Your instructions: Please give back an exact reproduction of the lines from the one with "this 1805×1205 image." through the end of the entries below, and no others.

Data listing:

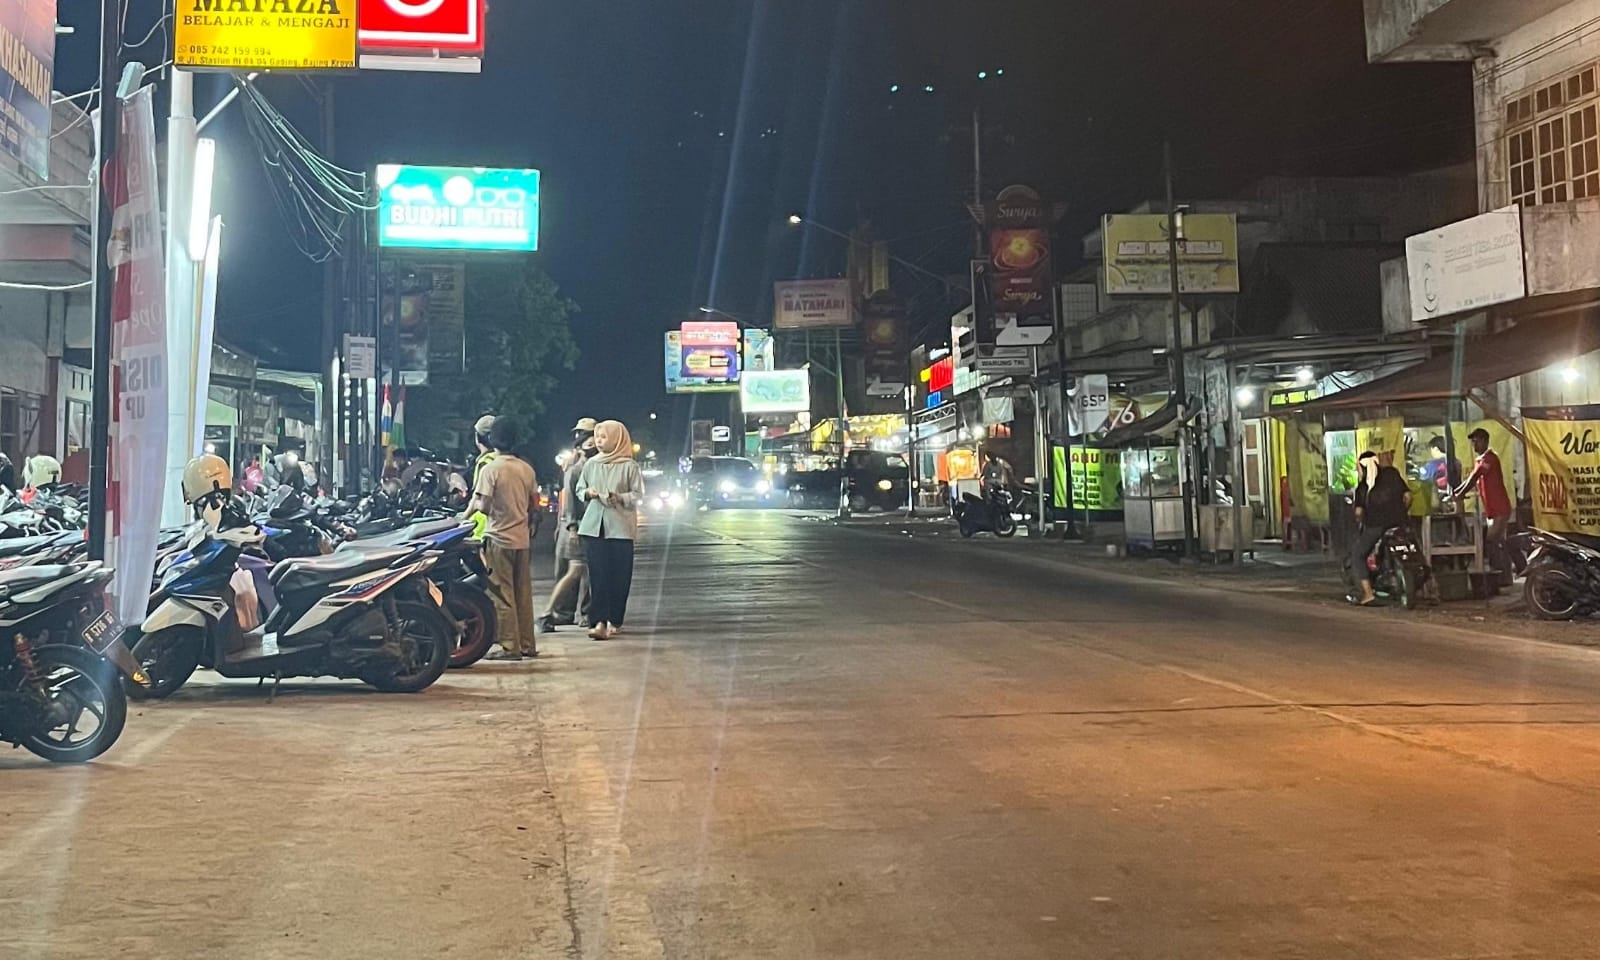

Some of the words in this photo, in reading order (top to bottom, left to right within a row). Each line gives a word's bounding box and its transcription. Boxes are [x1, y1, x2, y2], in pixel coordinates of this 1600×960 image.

[184, 15, 255, 27] BELAJAR
[260, 16, 271, 27] &
[278, 17, 350, 29] MENGAJI
[190, 45, 208, 54] 085
[211, 46, 229, 55] 742
[997, 204, 1042, 222] Surya
[1003, 288, 1042, 303] Surya
[784, 299, 846, 311] MATAHARI
[1109, 401, 1135, 431] 76
[1573, 466, 1594, 474] NASI
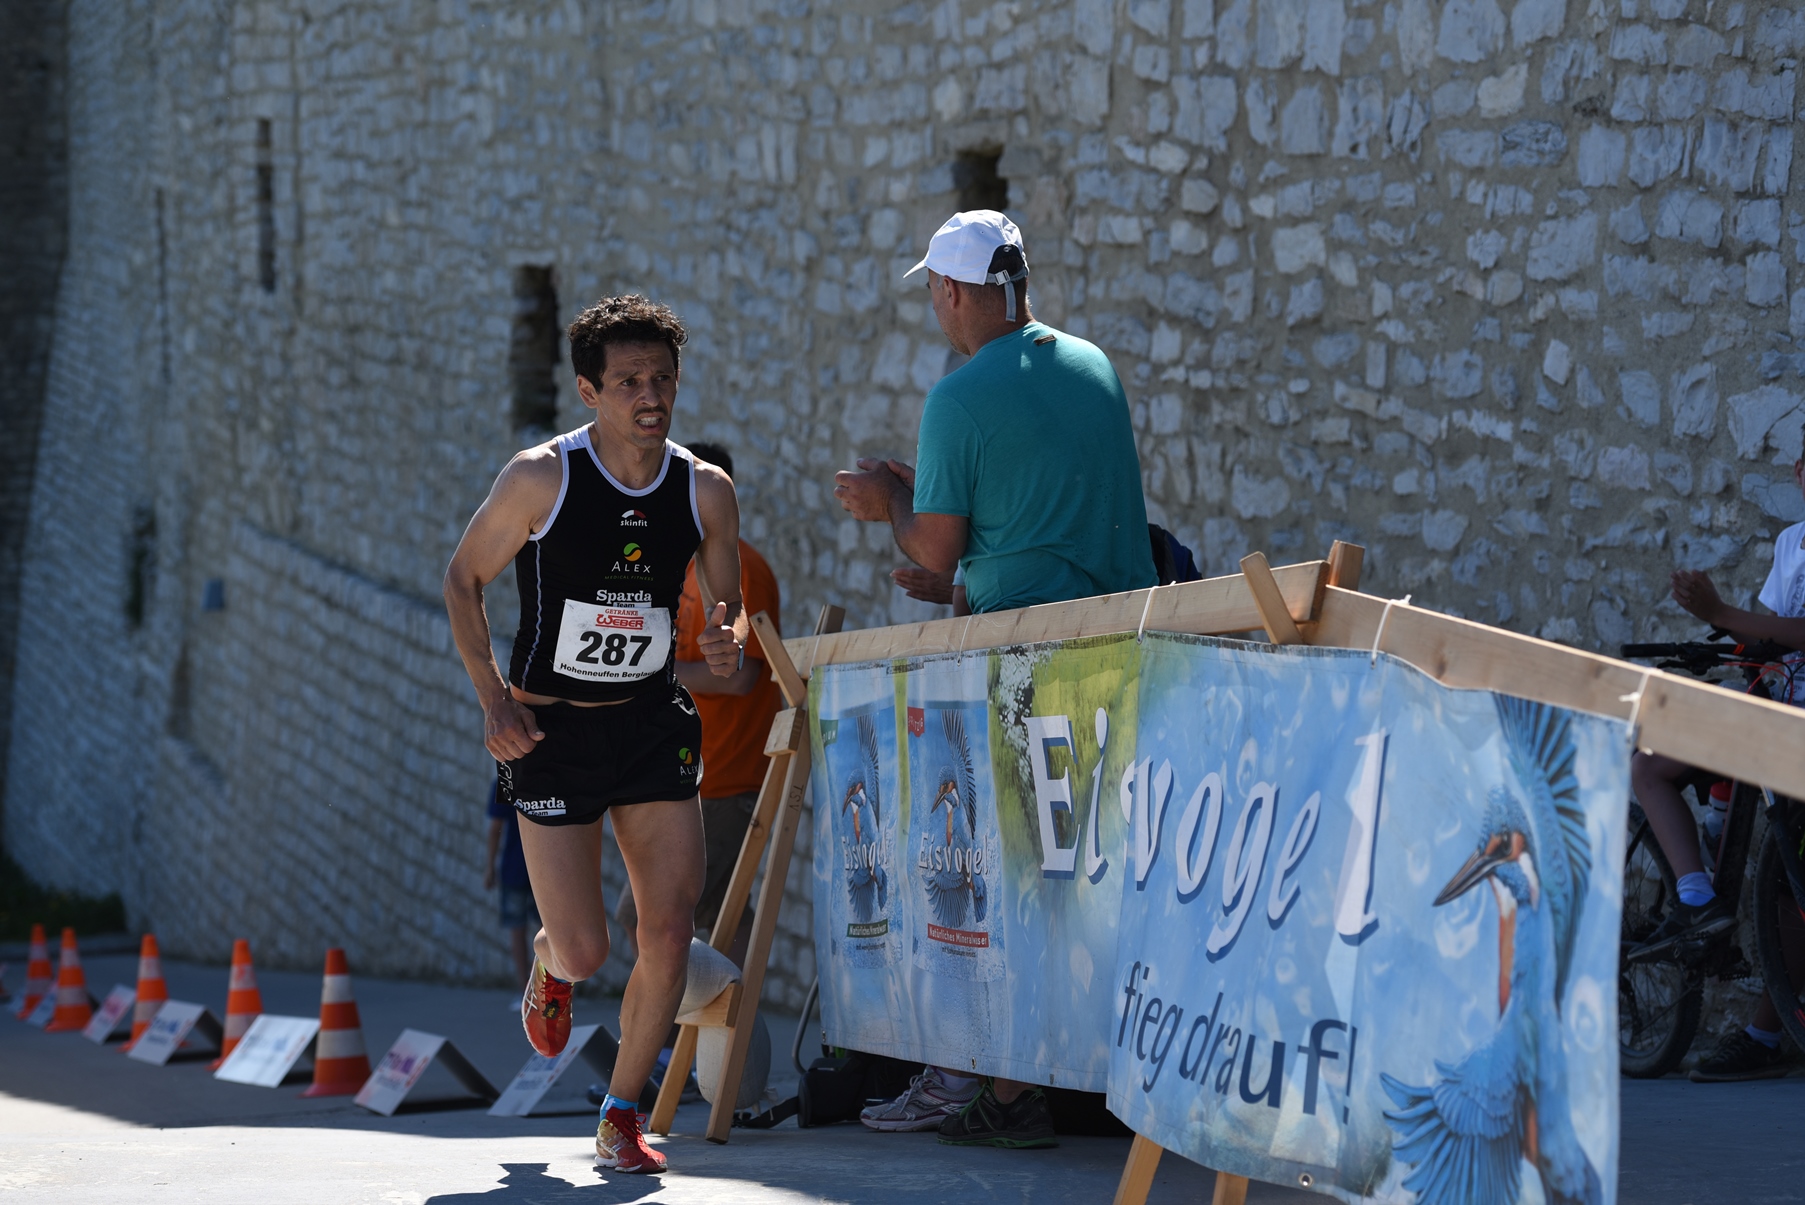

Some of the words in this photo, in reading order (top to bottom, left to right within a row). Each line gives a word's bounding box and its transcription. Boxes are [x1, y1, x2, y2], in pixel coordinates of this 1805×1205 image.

[620, 519, 648, 527] skinfit
[611, 560, 651, 574] ALEX
[596, 589, 653, 605] Sparda
[604, 608, 639, 616] GETRÄNKE
[596, 613, 644, 629] WEBER
[575, 630, 653, 666] 287
[560, 662, 620, 678] Hohenneuffen
[513, 796, 567, 812] Sparda
[918, 831, 989, 883] Eisvogel
[1179, 992, 1358, 1125] drauf!

Answer section:
Some of the words in this photo, in reading order (top to bottom, left to right within a row). Each line gives a word's bounding box and its transcription. Boxes are [x1, y1, x2, y2], in pixel coordinates of this 1805×1205 image.

[620, 519, 648, 527] skinfit
[611, 560, 651, 574] ALEX
[596, 589, 653, 605] Sparda
[604, 608, 639, 616] GETRÄNKE
[596, 613, 644, 629] WEBER
[575, 630, 653, 666] 287
[560, 662, 620, 678] Hohenneuffen
[513, 796, 567, 812] Sparda
[918, 831, 989, 883] Eisvogel
[1179, 992, 1358, 1125] drauf!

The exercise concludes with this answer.